Long before the Netflix noir documentary about 21-year-old Canadian tourist Elisa Lam’s sad end at the Cecil Hotel, the landmark building in Los Angeles had a storied and often gorey past.
“True-crime tourism” is a real phenomenon, and the hit series has prompted a spike in Google searches for “Is the Cecil Hotel reopening?,” “When can I stay at the Cecil Hotel?” and a wide array of related queries.
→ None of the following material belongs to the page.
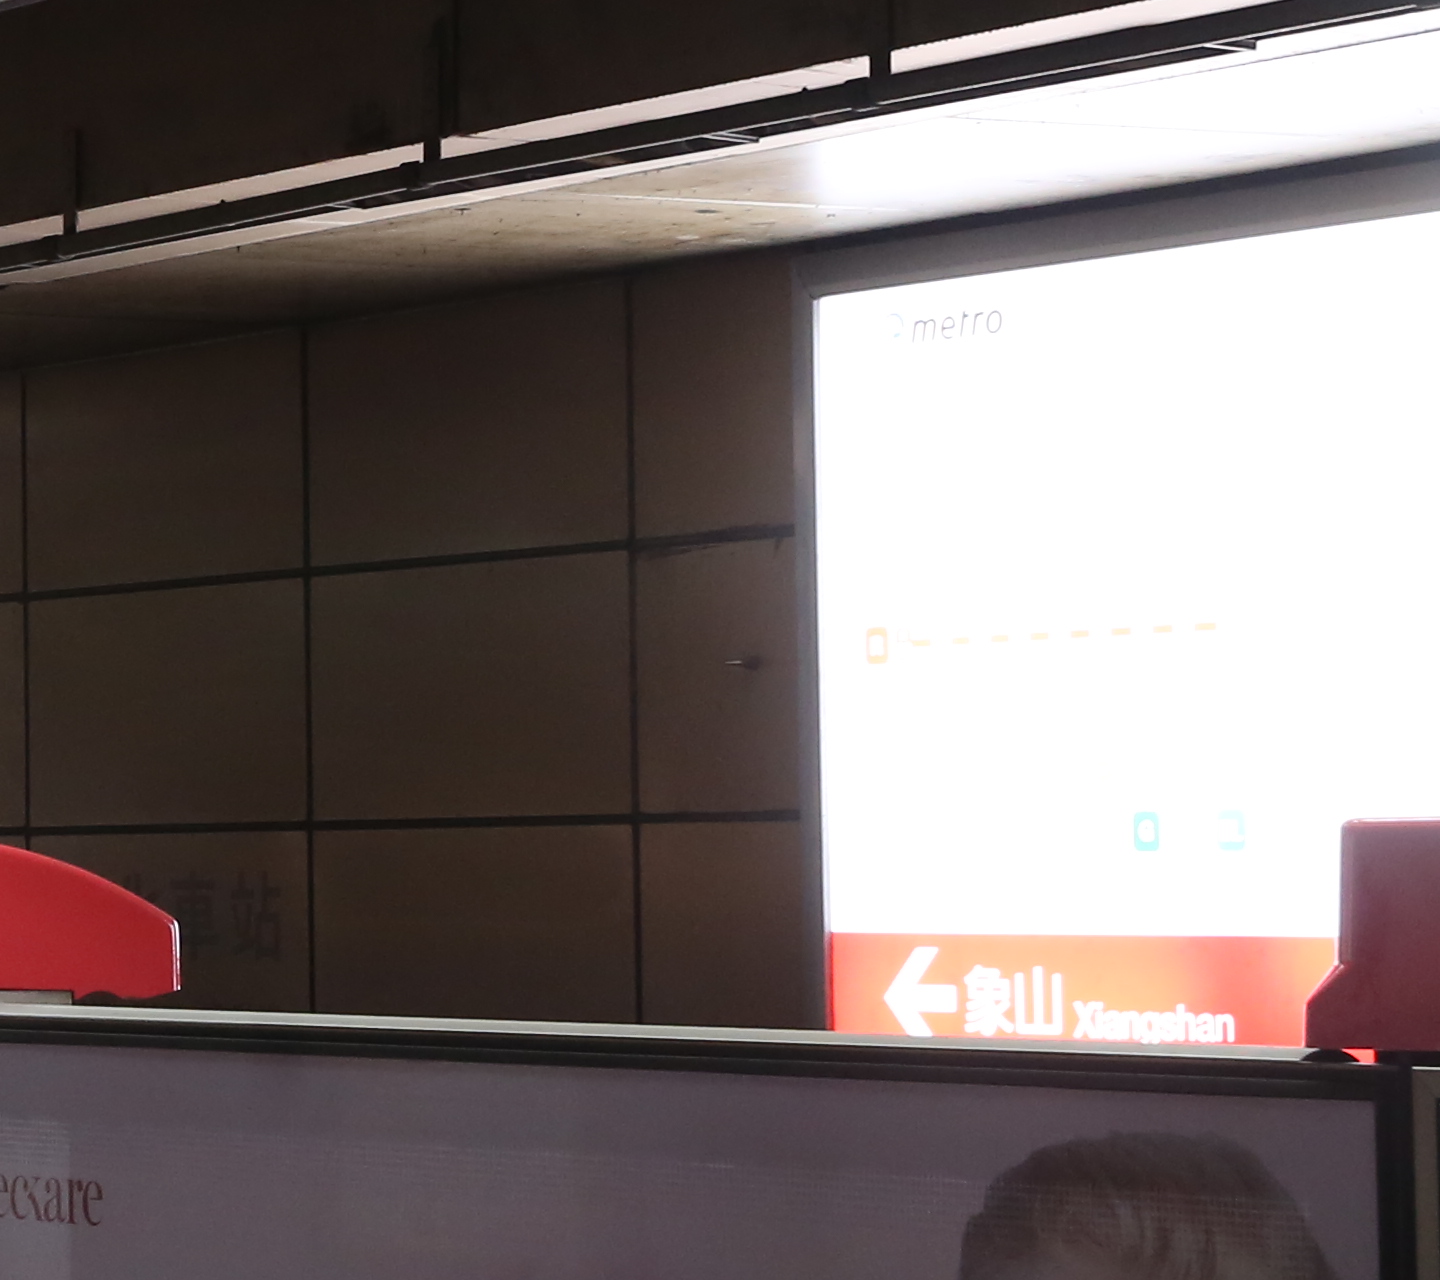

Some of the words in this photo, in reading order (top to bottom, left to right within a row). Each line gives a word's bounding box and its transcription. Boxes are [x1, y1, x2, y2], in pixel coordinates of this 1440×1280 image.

A quick scan of recent headlines written in the throes of the Netflix-fueled frenzy might lead you to believe that the hotel is under renovation and slated to reopen very soon — the word “SOON” sometimes put in allcaps for emphasis.
The hotel has been closed since 2017. And, much like the documentary itself, the reopening rumors have been somewhat sensationalized.
“What made you think there are renovations going on?” asks Matthew Baron, president of New York-based Simon Baron Development, the developer that bought the Cecil Hotel in 2014 for $30 million and earmarked it for a capital improvement project. “I’m curious, where did you get that information?”
I tell Baron that dozens of recent articles — some by reputable outlets — cite ongoing renovations at the hotel and a reopening planned for later this year. Those stories were written by “people probably just Googling it,” he says. “I just hope nobody out there is telling people we’re renovating.”
Nearly a century on, the building might be a bit worn but she is still a beauty. Built in 1924 by noted L.A. architect Loy Lester Smith, the 14-story Beaux Arts-style hotel’s central location near railway lines along L.A.’s South Main Street made it appealing to businessmen heading to the Spring Street Financial District as well as playgoers on their way to the Broadway Theater District, according to the developer’s successful application to have the hotel declared a Historic-Cultural Monument.
The historic facade features a recessed entry with a set of double doors and an arched transom, as well as an elaborate medley of ornamental quoins, cornices, columns and pilasters. There’s a balcony at the third story and a curved balconette at the fourth story. The property still has its two original, 70-foot tall blade signs that read “Hotel Cecil.”
On a scale of 1 to 10, interest in the Cecil Hotel is about a 21 right now. “Crime Scene: The Vanishing at the Cecil Hotel” premiered on February 11 and quickly shot up to briefly hold the No. 1 spot on Netflix’s Top 10 chart. Despite falling to No. 10, it is still wildly popular two weeks on.
The four-part documentary frequently returns to an eerie video released by the L.A.P.D. in 2013. We see a girl in a hoodie walk into an empty hotel elevator and press nearly all the floor buttons. She then leans out and peers up and down the hallway, then hides in the elevator corner for a time before stepping out of the security camera’s view. There’s a sense something is terribly wrong. The security video is the last known sighting of Lam, who was a guest at the Cecil Hotel at the time. Nineteen days, her body was found in a water tank on the hotel’s roof.
Lam’s was just one of many eye-raising deaths to befall the Cecil Hotel since its opening in 1927. From the 1920s through the 2010s, the hotel was the site of five suicides, 10 suspected suicides and two murders. Authorities ruled that Lam’s death was an accidental drowning.
Then there were the hotel’s other creepy connections. Like how, in 1947, Elizabeth Short, known as the Black Dahlia, supposedly visited the hotel bar the evening of her disappearance. She was later found in a vacant lot brutally murdered and cut in half. To this day, it remains one of L.A.’s most notorious unsolved murders. Consider, too, that Richard Ramirez lived at the Cecil Hotel during his Night Stalker killing spree in the 1980s.
In fairness, the notion of an impending Cecil Hotel reopening wasn’t a total fabrication by writers hoping to give readers what they wanted to be true. A big renovation was definitely on the cards at one time, according to filings with the L.A. City Planning Department.
In late 2019, Simon Baron submitted an application detailing plans for “on-site sale and dispensing of a full-line of alcoholic beverages in conjunction with a 150,753 sq. ft. hotel with 299 in-room mini-bars, ground floor restaurant, lobby bar and roof top bar with 349 indoor seats and 312 outdoor seats. Hours of operation of the restaurant, lobby bar and roof top bar are from 6:00 a.m. to 2:00 a.m., daily.”
And in December 2020, it was reported that the firm had taken a $30 million mezzanine loan for the repositioning of the former Cecil Hotel in Downtown Los Angeles. “The developer is redeveloping the historic hotel with 299 hotel rooms and 264 affordable units,” reported Real Estate Weekly.
But the pandemic ultimately put the kibosh on moving forward for the foreseeable future. “We put everything on hold last year back in March, so everything everything's on hold,” says Baron. “So there's no definitive plan. And there’s no definitive timeline.”
“We don't have any comment on the plan or anything that's happening with the property, and there’s no renovation,” says Baron definitively. “Right now, there's nothing on the horizon.”